A straightforward interface for intricate concepts
FabObscura functions for all known prototypes of barrier-grid animations, accommodating a variety of user interactions. The system allows the creation of a display whose appearance alters based on your perspective. FabObscura also enables you to create visuals that you can animate by sliding or rotating a barrier over an image.
To develop these designs, users can upload a folder containing frames of an animation (perhaps several stills of a galloping horse), or select from a few preset sequences (like a winking eye) and designate the angle at which your barrier will move. After previewing your design, you can manufacture the barrier and image onto separate transparent sheets (or print the image on paper) using a standard 2D printer, such as an inkjet. Your image can then be placed and secured on flat, portable items like picture frames, phones, and books.
You can enter distinct equations if you wish to have two sequences on one surface, which the researchers refer to as “nested animations.” Depending on how you maneuver the barrier, you’ll perceive a different narrative being conveyed. For instance, CSAIL researchers created a car that rotates when you move its sheet vertically, but morphs into a whirling motorcycle when you slide the grid horizontally.
These customizations yield distinctive household items as well. The researchers devised an interactive coaster that you can toggle from displaying a “coffee” icon to representations of a martini and a glass of water by pressing your fingers down on its edges. The team also enhanced a jar of sunflower seeds, producing a floral animation on the lid that blooms when twisted off.
Creators, including graphic artists and printmakers, could also utilize this tool to produce dynamic pieces without needing to connect any wires. The tool saves them valuable time to explore imaginative, low-energy designs, such as a clock with a mouse that runs along as it ticks. FabObscura could generate animated food packaging or even adaptable signage for locations like construction sites or shops that inform individuals when a specific area is closed or a machine is malfunctioning.
Maintain clarity
FabObscura’s barrier-grid creations do possess certain compromises. While nested animations are innovative and more dynamic than a single-layer scanimation, their visual quality may not be as robust. The researchers drafted design guidelines to tackle these challenges, suggesting users upload fewer frames for nested animations to maintain the interlaced image simple and adhere to high-contrast images for a sharper presentation.
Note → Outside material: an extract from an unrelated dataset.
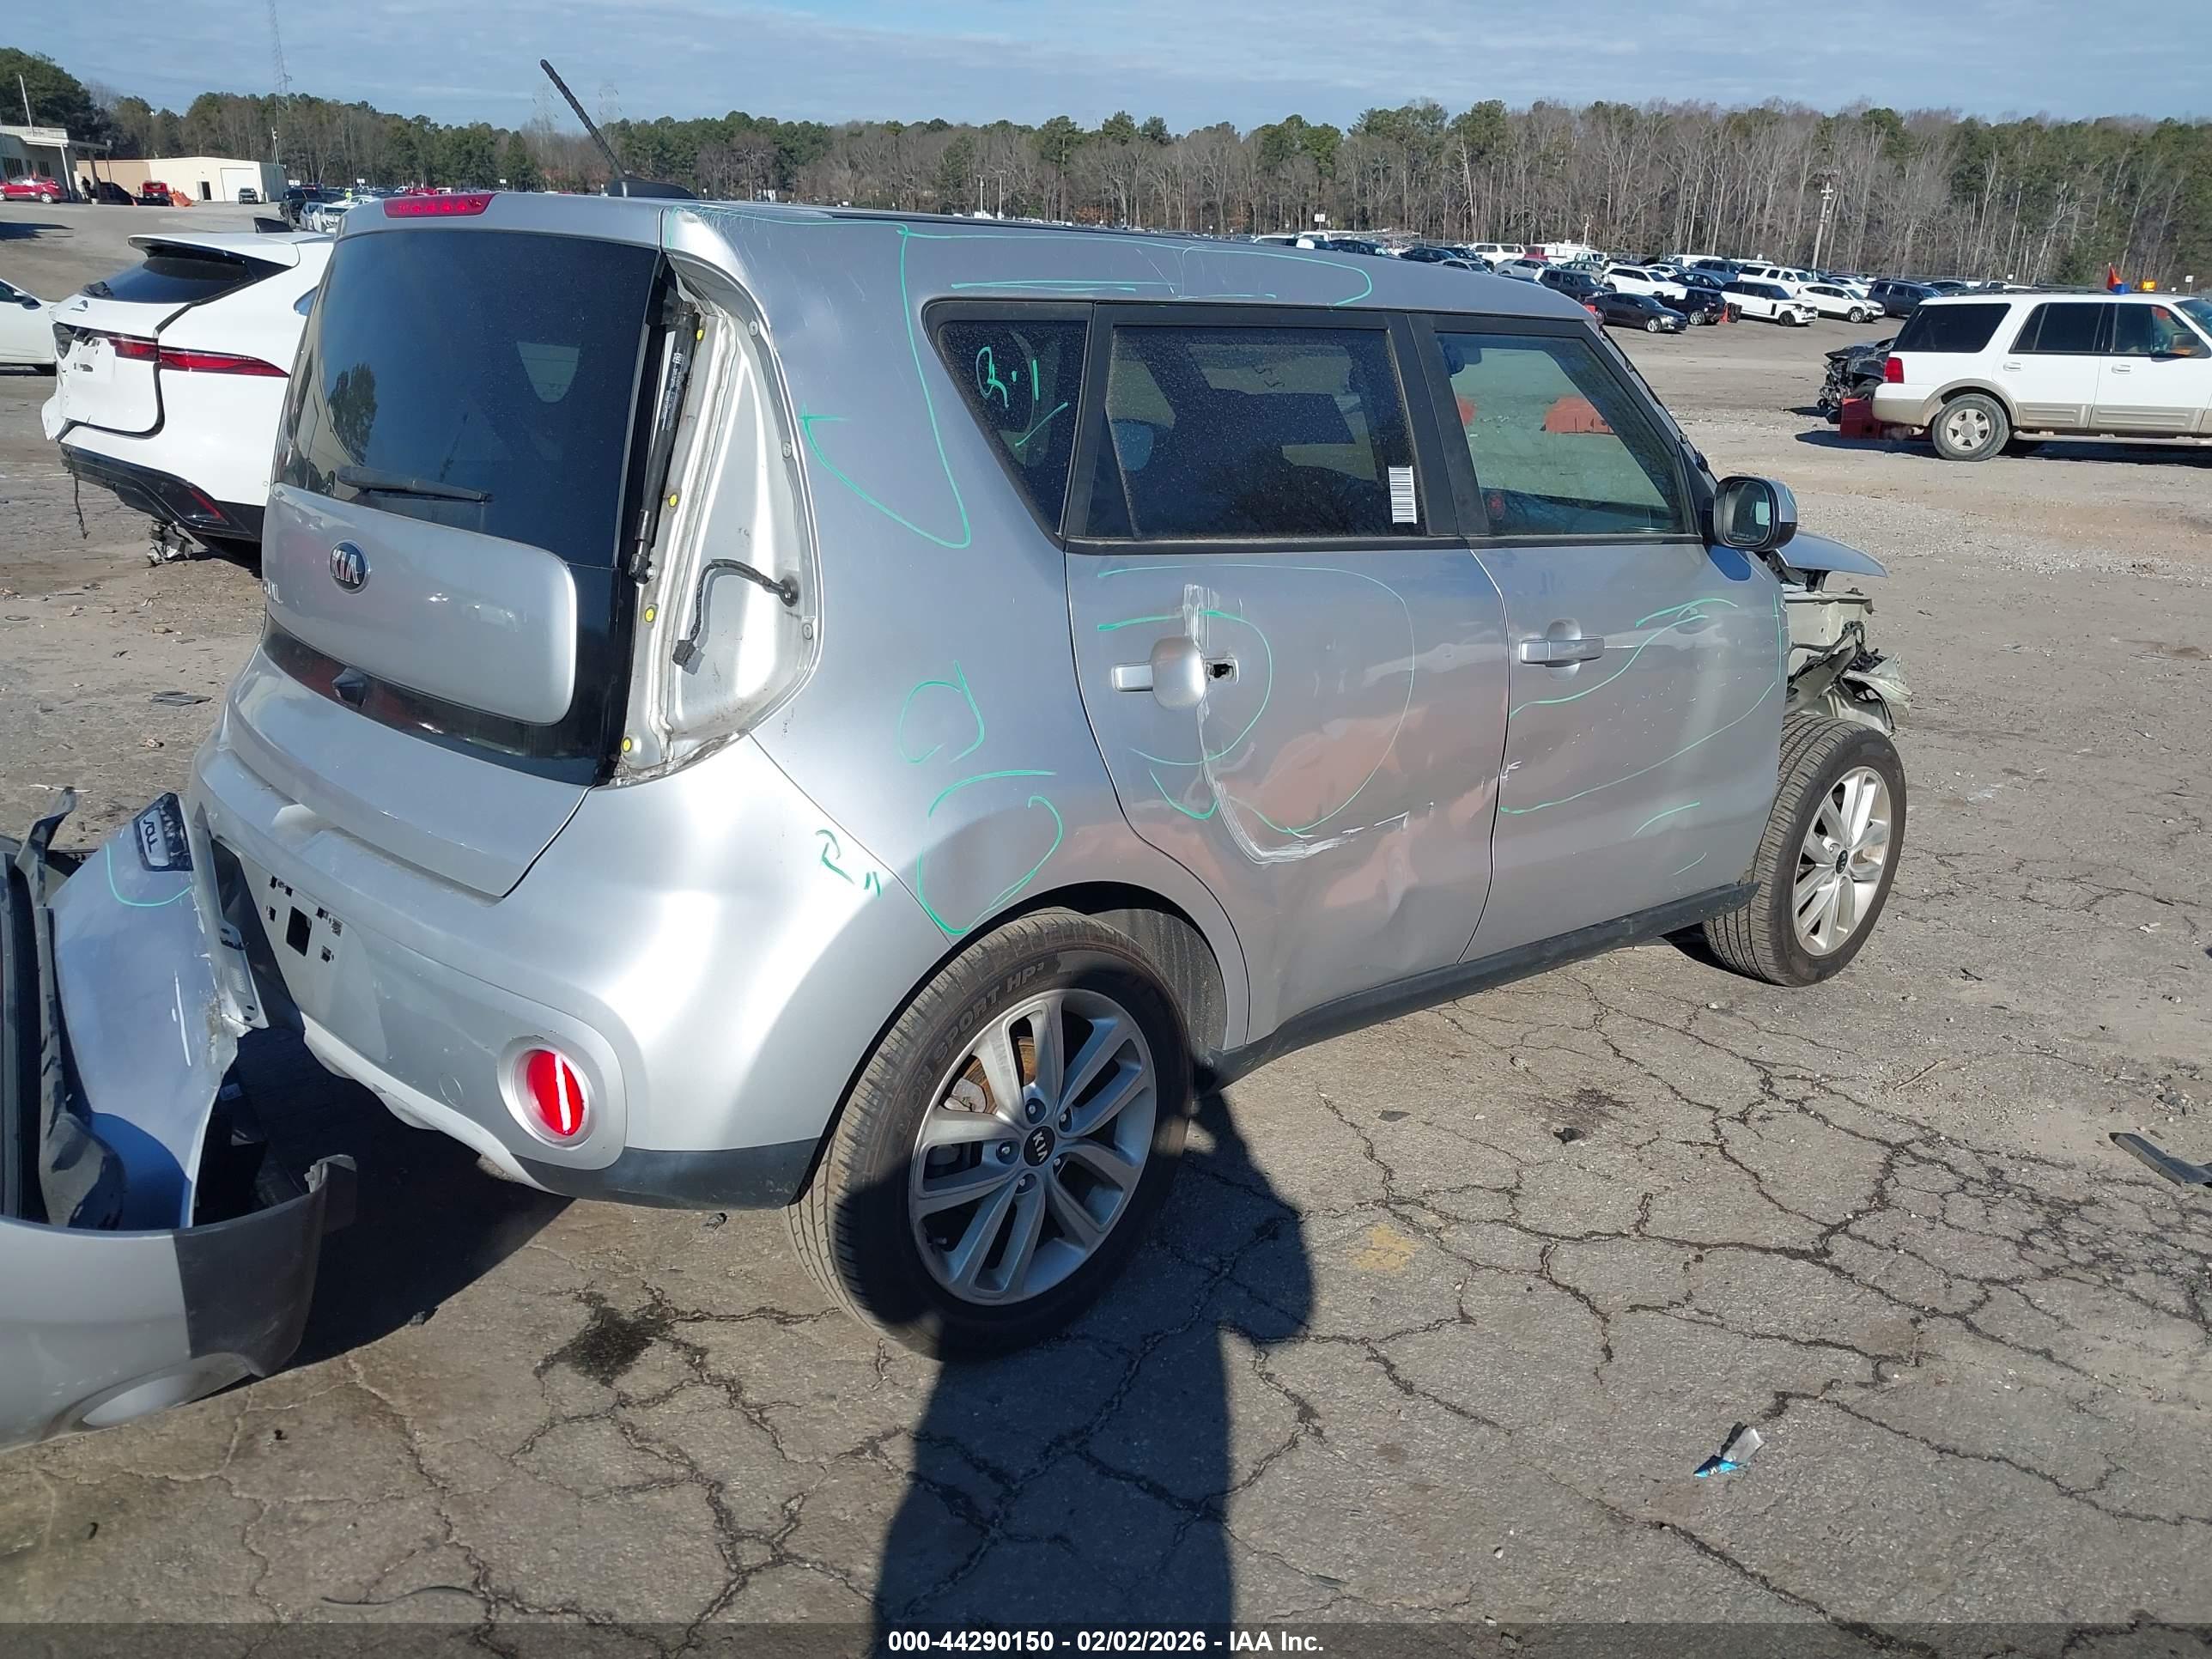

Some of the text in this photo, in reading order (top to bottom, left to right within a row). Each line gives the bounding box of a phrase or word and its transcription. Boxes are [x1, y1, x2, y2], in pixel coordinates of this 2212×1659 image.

[331, 549, 360, 586] KIA
[143, 818, 159, 854] SOUL
[933, 986, 1000, 1062] SPORT
[1032, 1131, 1048, 1164] KIA
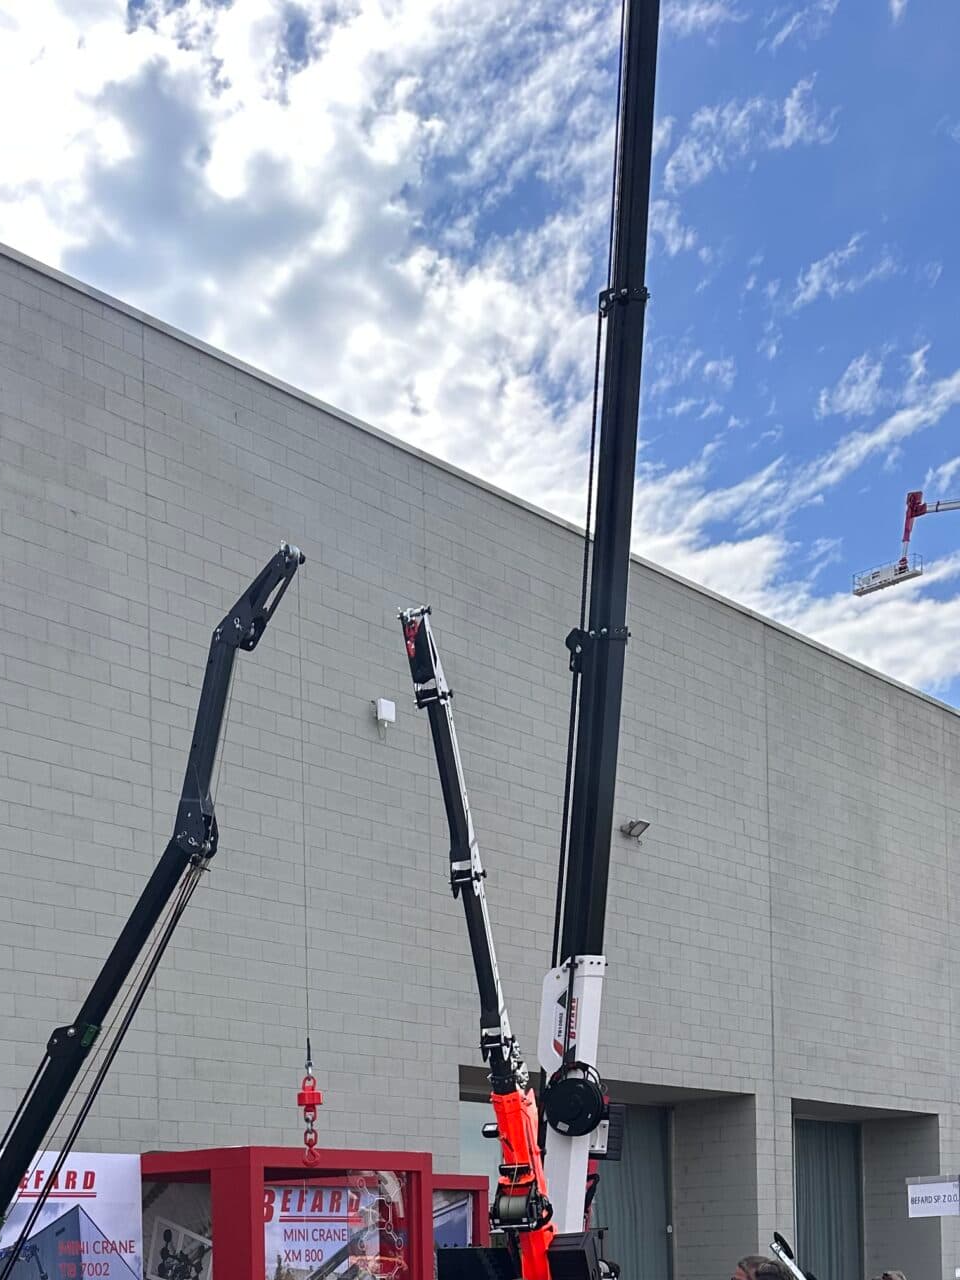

In the future, the researchers aim to broaden what users can upload to FabObscura, potentially allowing them to include a video file from which the program can then select the optimal frames. This would result in even more expressive barrier-grid animations.
FabObscura might also venture into a new dimension: 3D. While the system is presently optimized for flat, portable surfaces, CSAIL researchers are contemplating integrating their work into larger, more intricate objects, possibly using 3D printers to fabricate even more elaborate illusions.
Sethapakdi co-authored the paper with several CSAIL associates: Zhejiang University PhD student and visiting researcher Mingming Li; MIT EECS PhD student Maxine Perroni-Scharf; MIT postdoc Jiaji Li; MIT associate professors Arvind Satyanarayan and Justin Solomon; and senior author and MIT Associate Professor Stefanie Mueller, head of the Human-Computer Interaction (HCI) Engineering Group at CSAIL. Their research will be showcased at the ACM Symposium on User Interface Software and Technology (UIST) this month.